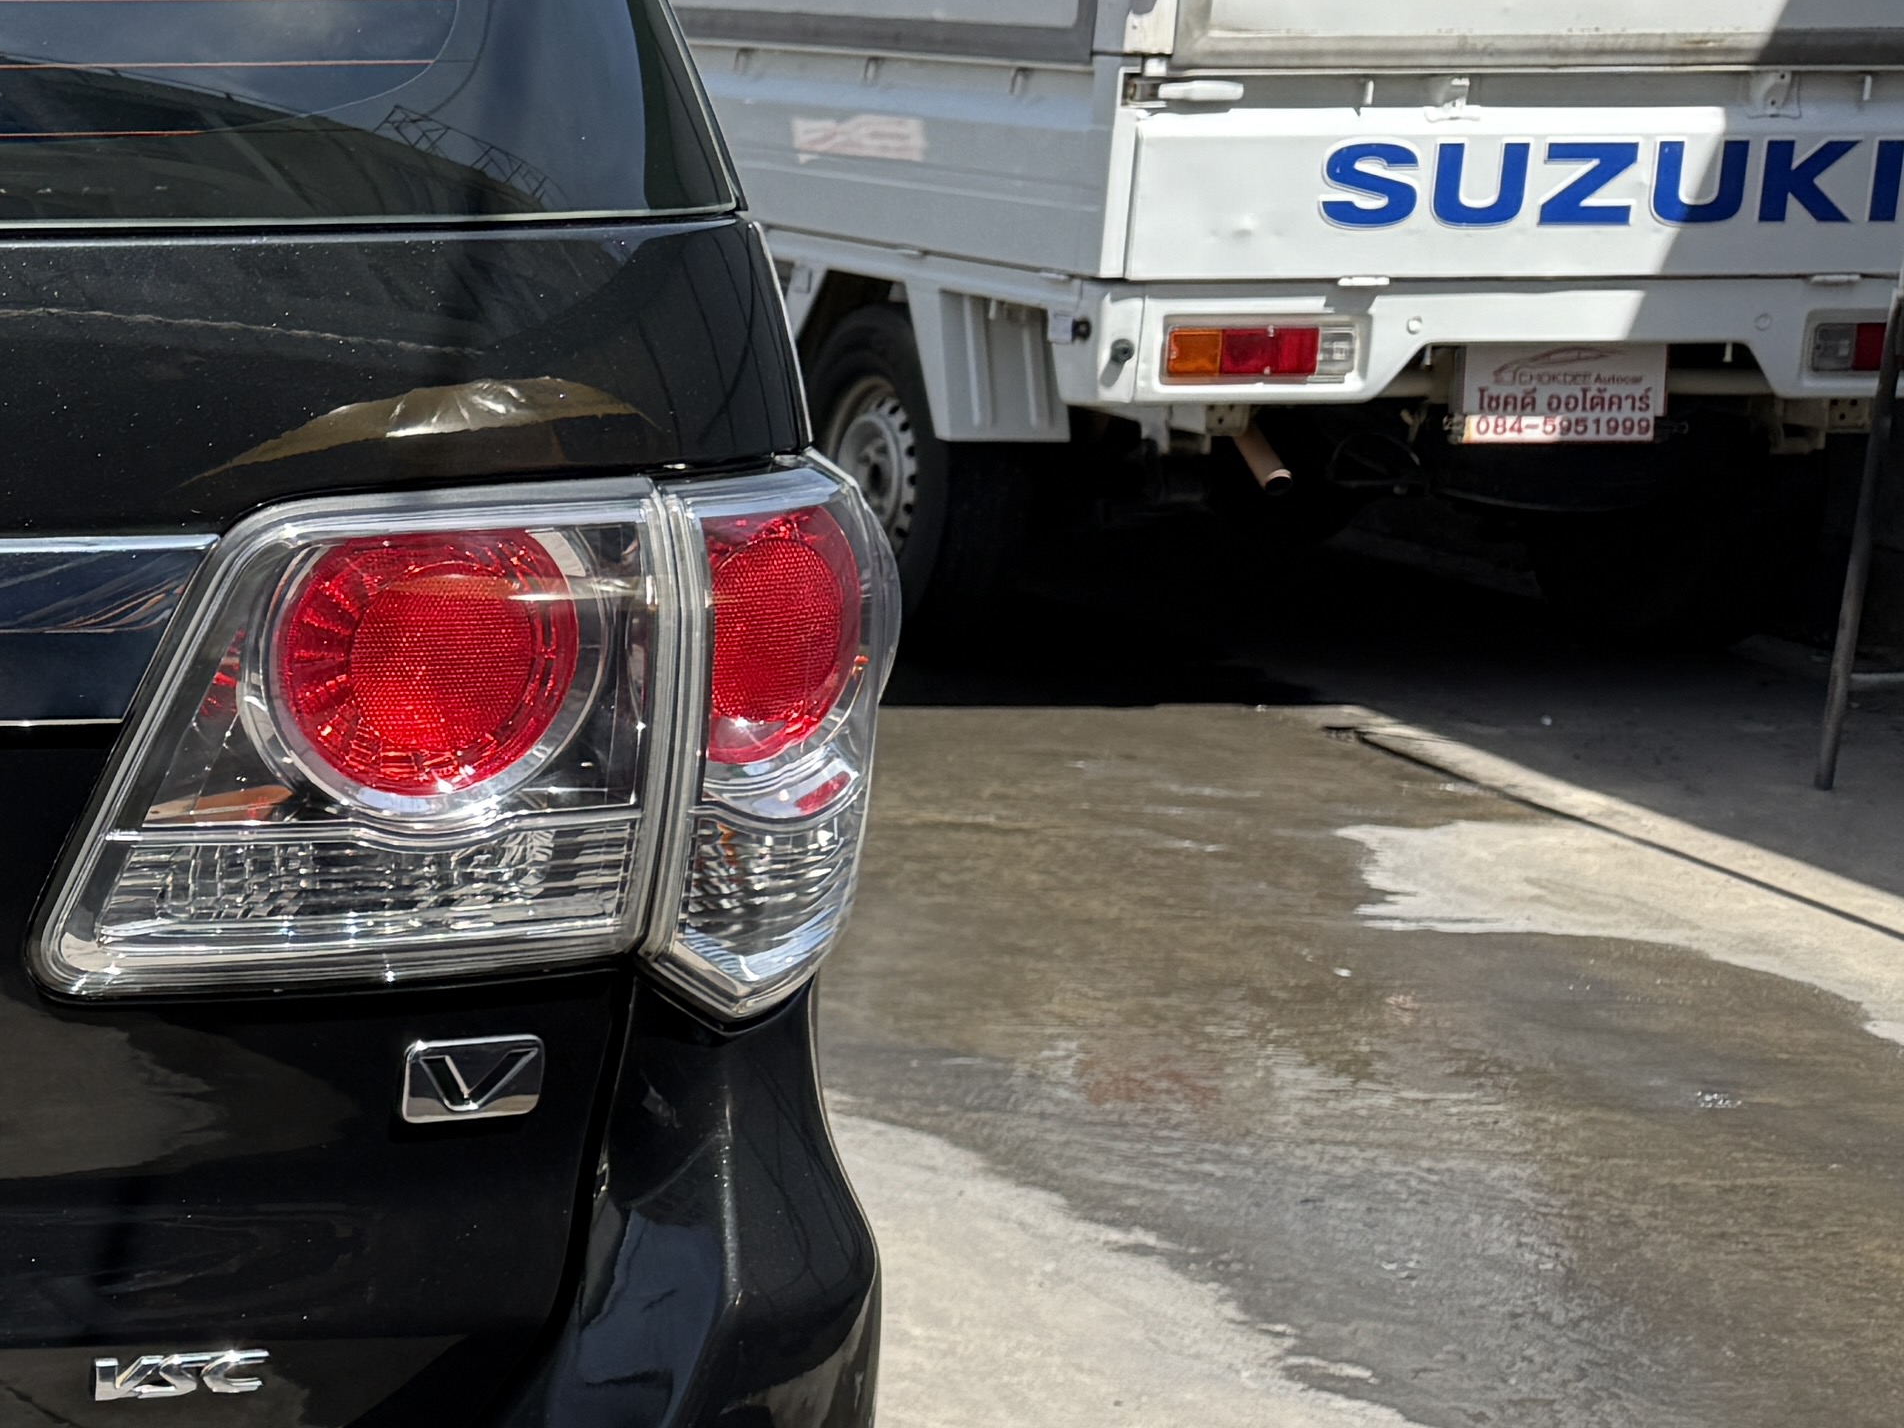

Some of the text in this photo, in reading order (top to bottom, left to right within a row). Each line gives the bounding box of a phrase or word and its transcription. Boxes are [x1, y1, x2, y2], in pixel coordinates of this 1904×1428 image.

[1320, 139, 1903, 229] SUZUKI
[1477, 387, 1653, 413] โชคดี ออโต้คาร์
[1476, 416, 1651, 436] 084-5951999
[94, 1348, 271, 1401] VSC
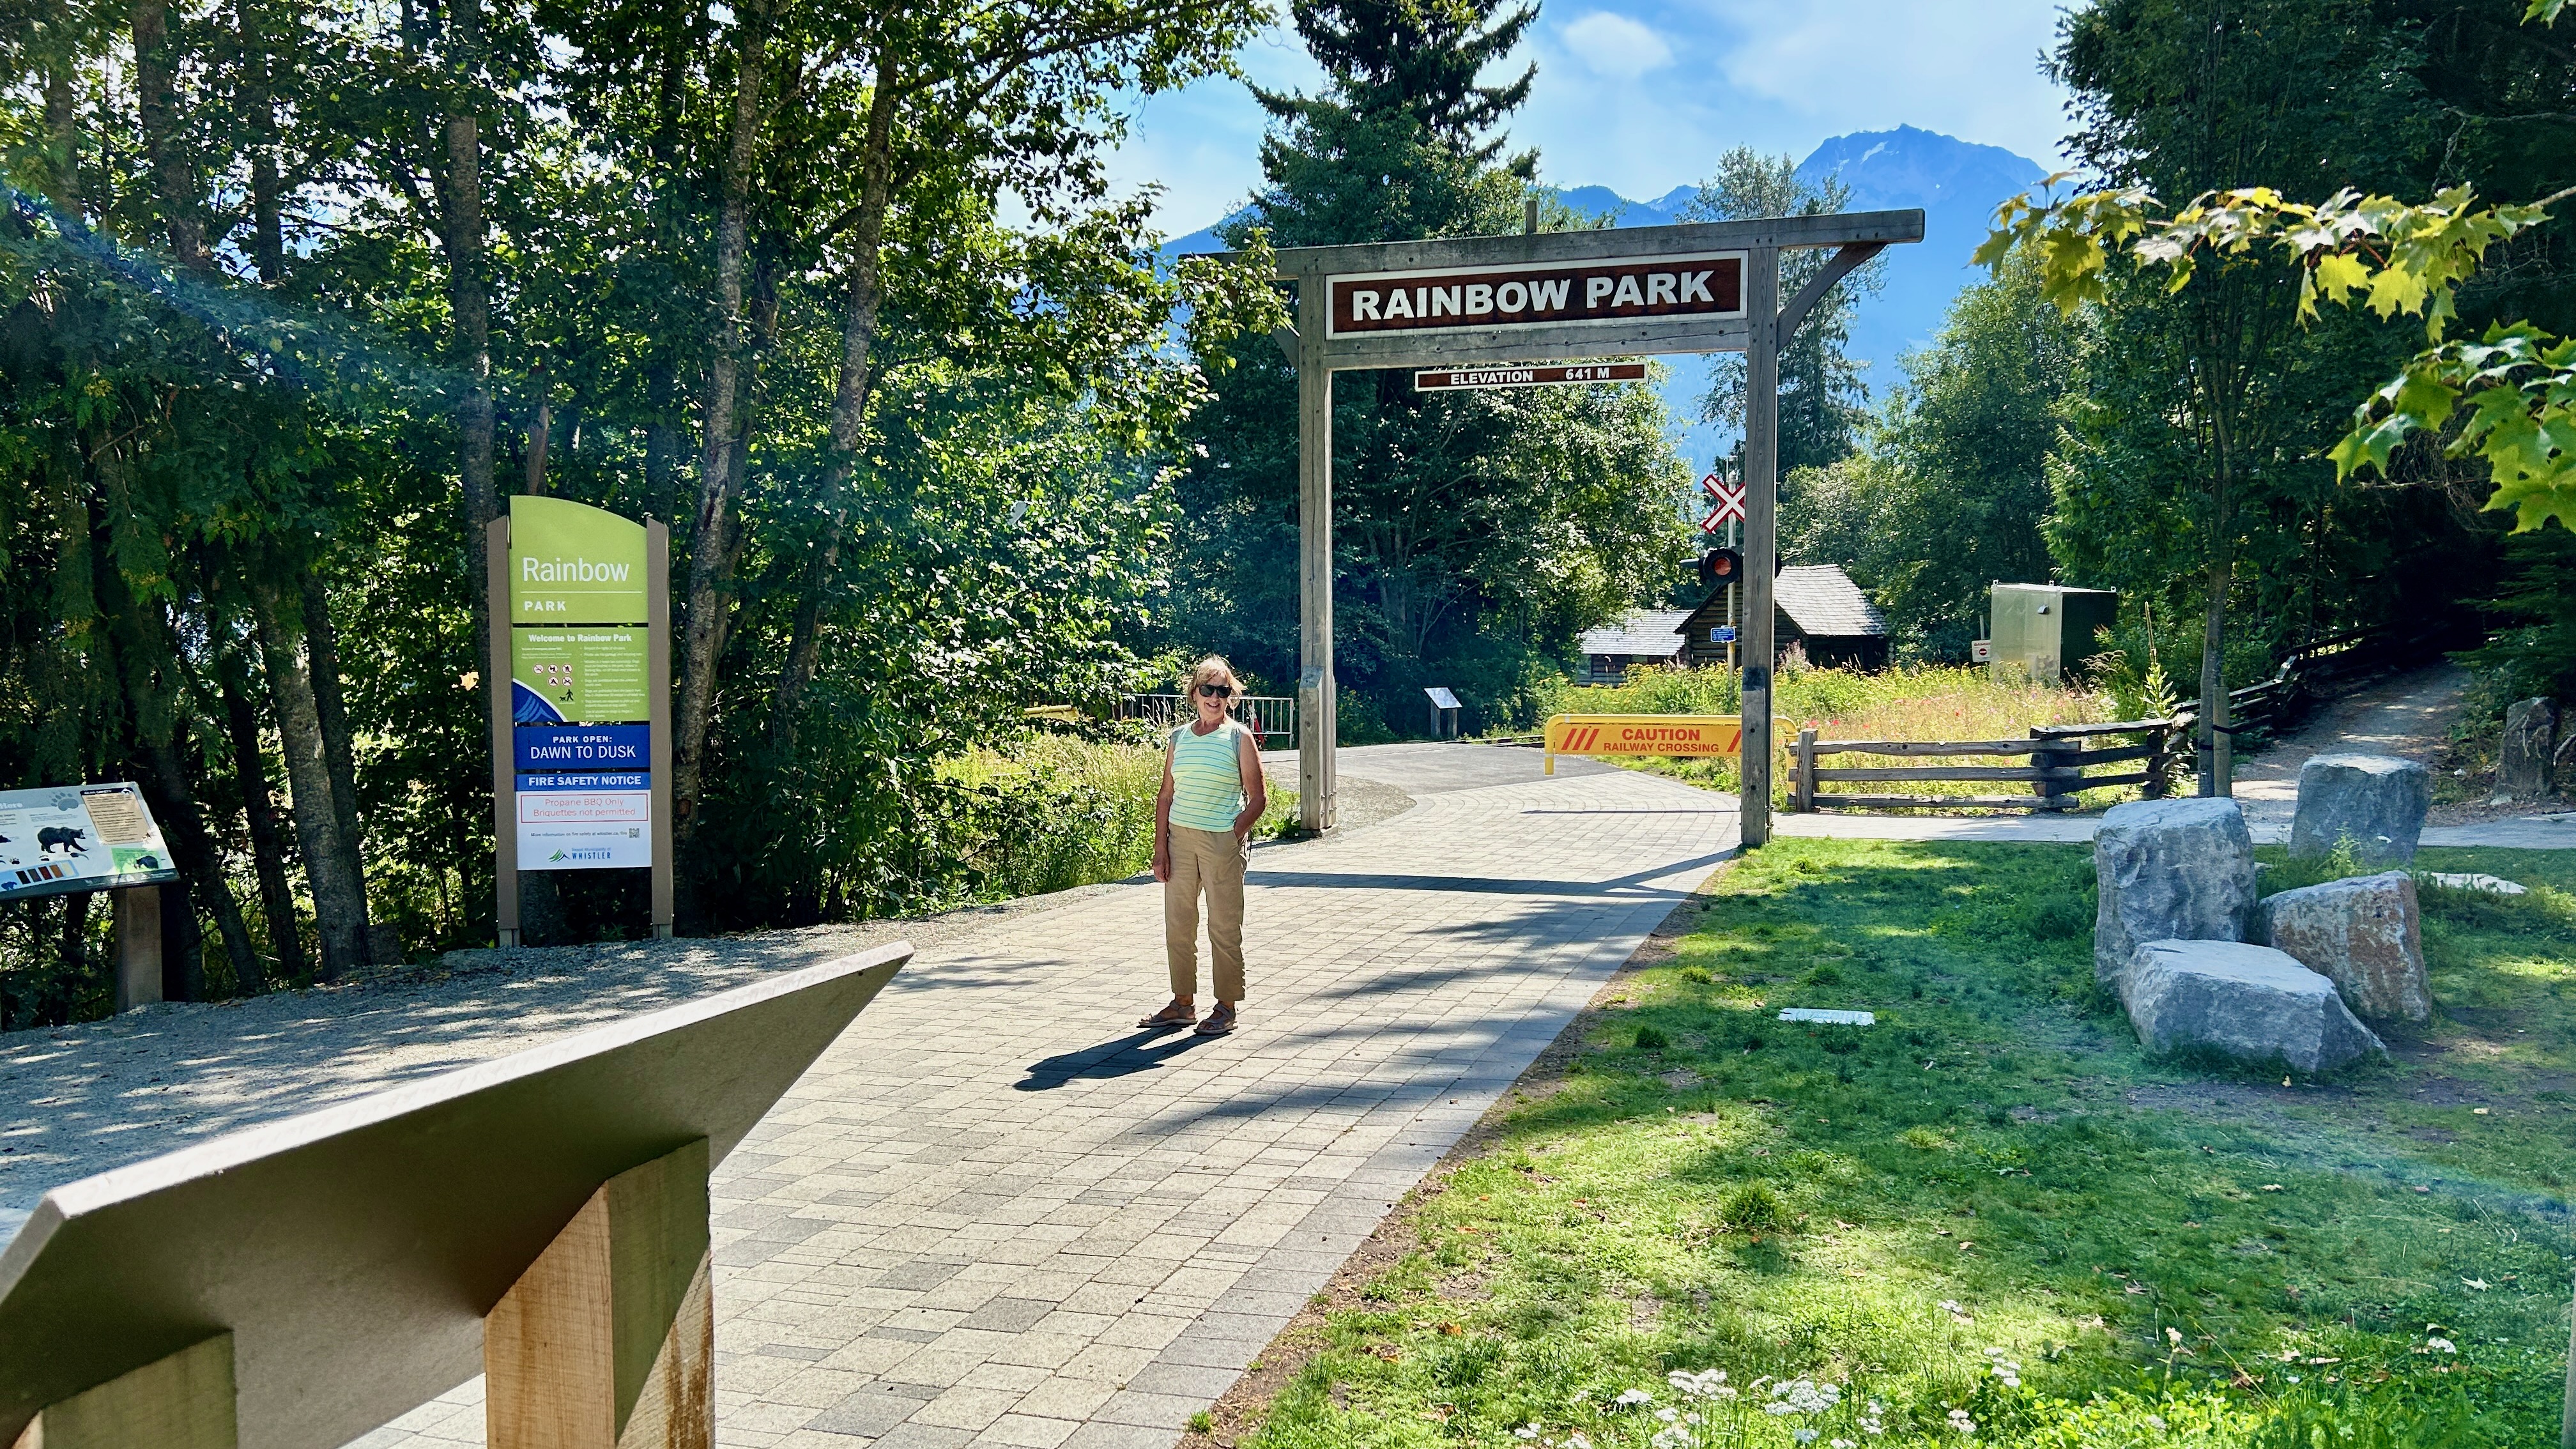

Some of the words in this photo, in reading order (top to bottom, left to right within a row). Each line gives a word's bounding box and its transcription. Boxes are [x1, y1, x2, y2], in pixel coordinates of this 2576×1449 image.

[1353, 279, 1571, 321] RAINBOW
[1586, 270, 1715, 309] PARK
[1450, 371, 1533, 385] ELEVATION
[1565, 368, 1591, 380] 641
[1597, 367, 1610, 379] M
[523, 557, 630, 582] Rainbow
[524, 601, 567, 611] PARK
[528, 634, 565, 642] Welcome
[567, 634, 576, 642] to
[577, 634, 612, 642] Rainbow
[613, 634, 632, 642] Park
[1621, 728, 1701, 741] CAUTION
[530, 746, 571, 759] DAWN
[575, 746, 593, 758] TO
[598, 745, 636, 758] DUSK
[1604, 742, 1653, 751] RAILWAY
[1657, 742, 1719, 752] CROSSING
[528, 776, 555, 786] FIRE
[557, 776, 599, 786] SAFETY
[601, 776, 641, 785] NOTICE
[545, 799, 581, 807] Propane
[584, 798, 602, 806] BBQ
[605, 798, 624, 806] Only
[533, 809, 577, 817] Briquettes
[595, 808, 635, 816] permitted

Task description: Repeat the data above exactly, images excluded.

Final answer:
Some of the text in this photo, in reading order (top to bottom, left to right within a row). Each line gives the bounding box of a phrase or word and its transcription. Boxes are [x1, y1, x2, y2], in pixel coordinates of this 1904×1428 image.

[1320, 139, 1903, 229] SUZUKI
[1477, 387, 1653, 413] โชคดี ออโต้คาร์
[1476, 416, 1651, 436] 084-5951999
[94, 1348, 271, 1401] VSC

Some of the words in this photo, in reading order (top to bottom, left to right within a row). Each line gives a word's bounding box and its transcription. Boxes are [x1, y1, x2, y2], in pixel coordinates of this 2576×1449 image.

[1353, 279, 1571, 321] RAINBOW
[1586, 270, 1715, 309] PARK
[1450, 371, 1533, 385] ELEVATION
[1565, 368, 1591, 380] 641
[1597, 367, 1610, 379] M
[523, 557, 630, 582] Rainbow
[524, 601, 567, 611] PARK
[528, 634, 565, 642] Welcome
[567, 634, 576, 642] to
[577, 634, 612, 642] Rainbow
[613, 634, 632, 642] Park
[1621, 728, 1701, 741] CAUTION
[530, 746, 571, 759] DAWN
[575, 746, 593, 758] TO
[598, 745, 636, 758] DUSK
[1604, 742, 1653, 751] RAILWAY
[1657, 742, 1719, 752] CROSSING
[528, 776, 555, 786] FIRE
[557, 776, 599, 786] SAFETY
[601, 776, 641, 785] NOTICE
[545, 799, 581, 807] Propane
[584, 798, 602, 806] BBQ
[605, 798, 624, 806] Only
[533, 809, 577, 817] Briquettes
[595, 808, 635, 816] permitted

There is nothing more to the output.